それゆえに一人で妄想の世界に入れるわけもなく、ただただ退屈な学校生活を送っている。
「あ~やっと1時間目終わった~!一トイレ行こうぜ!」
早速現れた1人目の刺客。1人でトイレ行けない星人、大地。
こいつは休み時間になるたびに自分がトイレに行きたくなると1番先に俺のところに誘いに来る。
「ごめん!俺次の授業の予習するから他のやつ誘って!」
本当は予習なんて1度もやったことはないが断るのにはこれが1番効果的だ。
トイレなんてまったくもって行きたくないし、なんなら訳のわからない集団に絡まれて気持ちの悪い下ネタトークに付き合わされてしまうかもしれない。
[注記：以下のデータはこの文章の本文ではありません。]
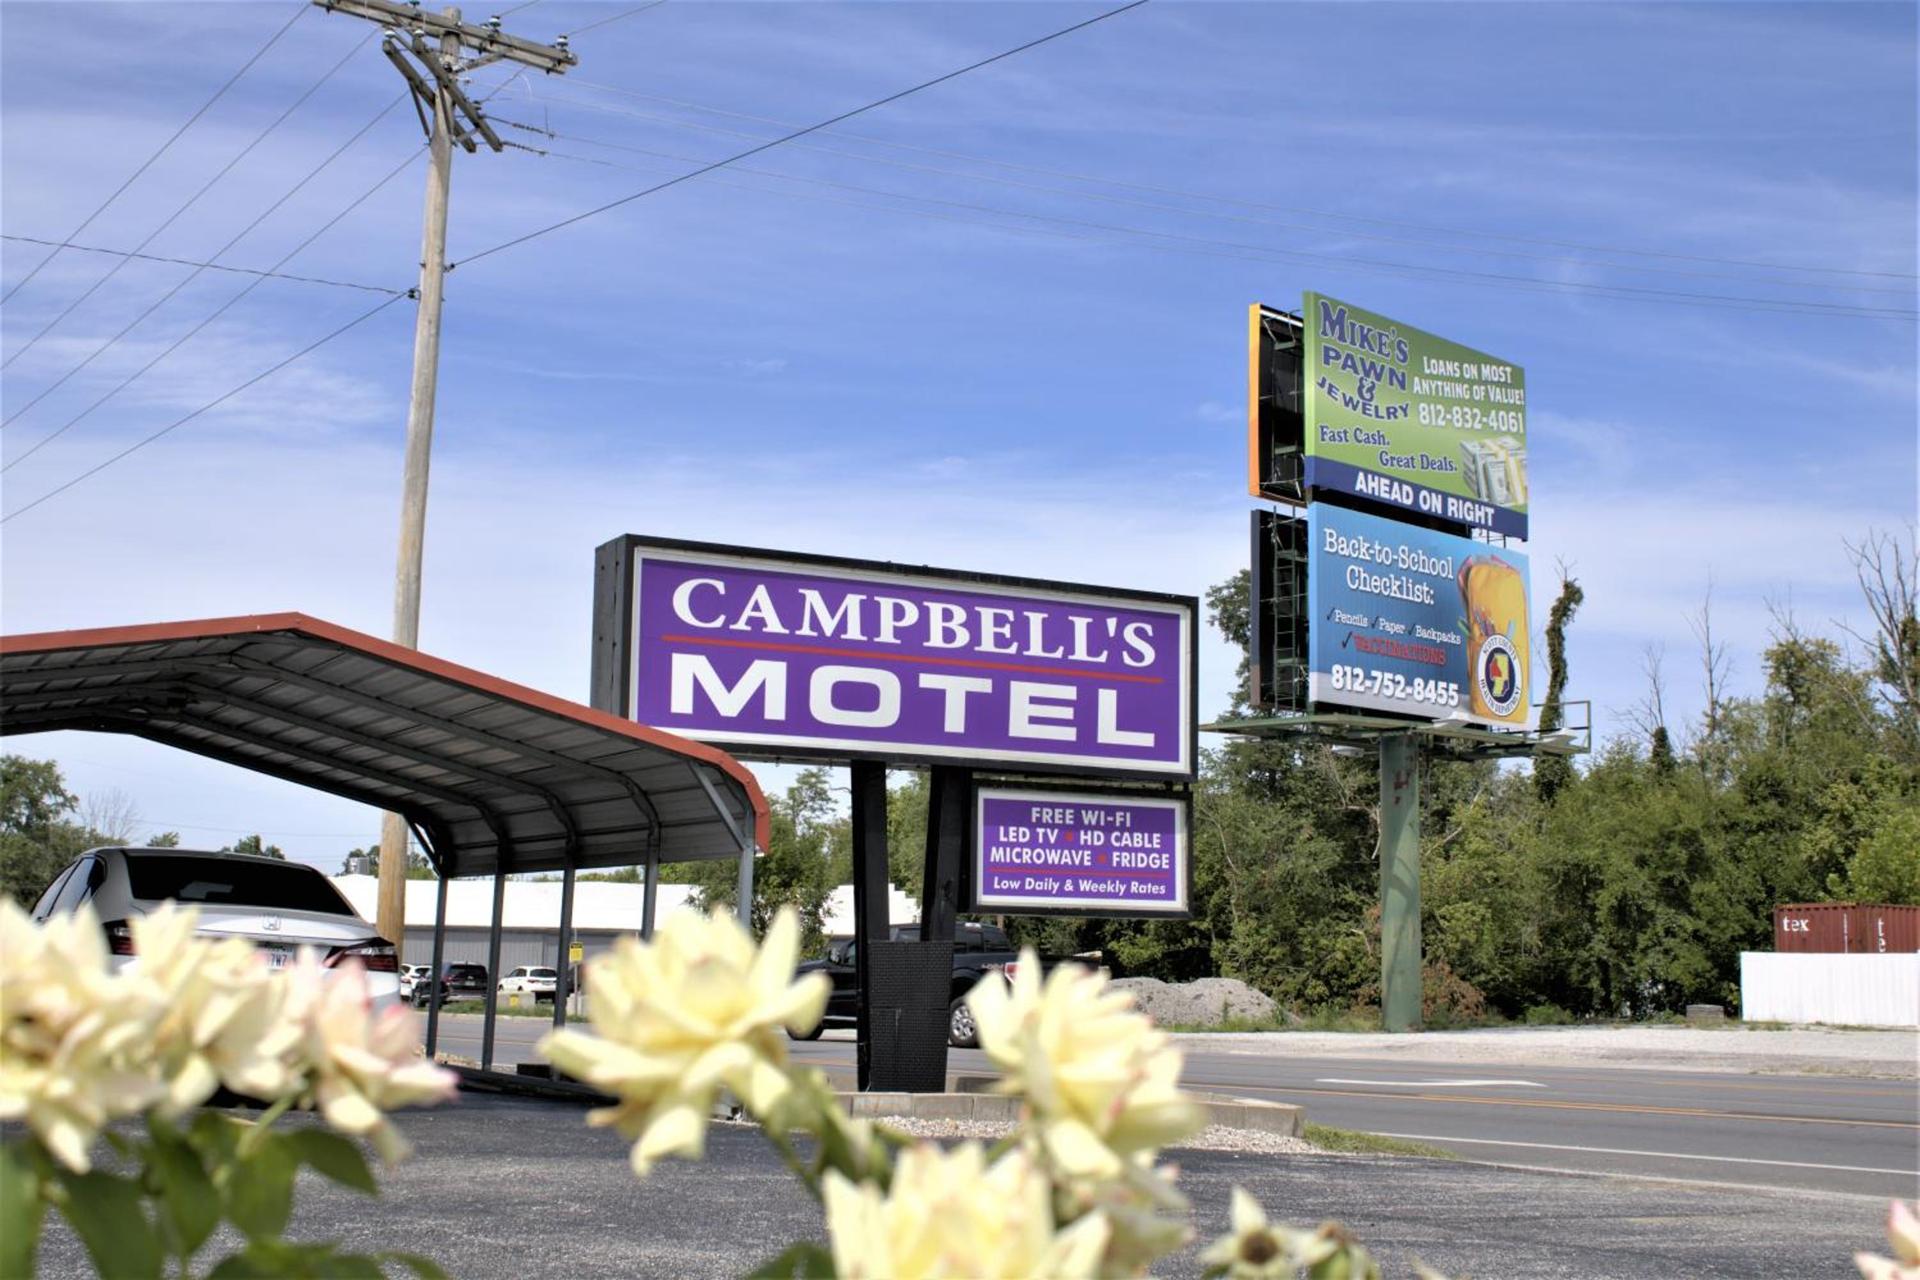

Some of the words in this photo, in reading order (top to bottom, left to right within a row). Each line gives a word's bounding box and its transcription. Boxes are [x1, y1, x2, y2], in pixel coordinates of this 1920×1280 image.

そんな下品な言葉をわざわざ口に出して周りのぼっち達を困らせたり、アニメトークをして盛り上がっている2、3人組のオタクグループに変な気を使わせることになってしまう。これだけは決して邪魔をしたくないのだ。だって超楽しそうじゃん。
次の授業が始まって誰にも声をかけられずにようやく妄想の世界にダイブできると視線をノートに一転集中(妄想)しようとしていたところに次の精鋭が現れた。そいつは後ろの席から俺の背中を叩いてくる。
「負けたらジュースおごりな…」
小さな声で言いながら1枚の紙を渡され開くように指示をしてきた。すると最悪なことにそこには意味の分からない線が入り混じっていた。これは度々付き合わされる絵しりとりが始まる合図だ。後ろの席の仁は絶望的に絵が下手なくせに絵しりとりを授業中に開催してくる。それでいて休み時間で1階にある自販機まで行って飲み物を買わされるという新手の休み時間つぶし野郎。ちなみにここは3階。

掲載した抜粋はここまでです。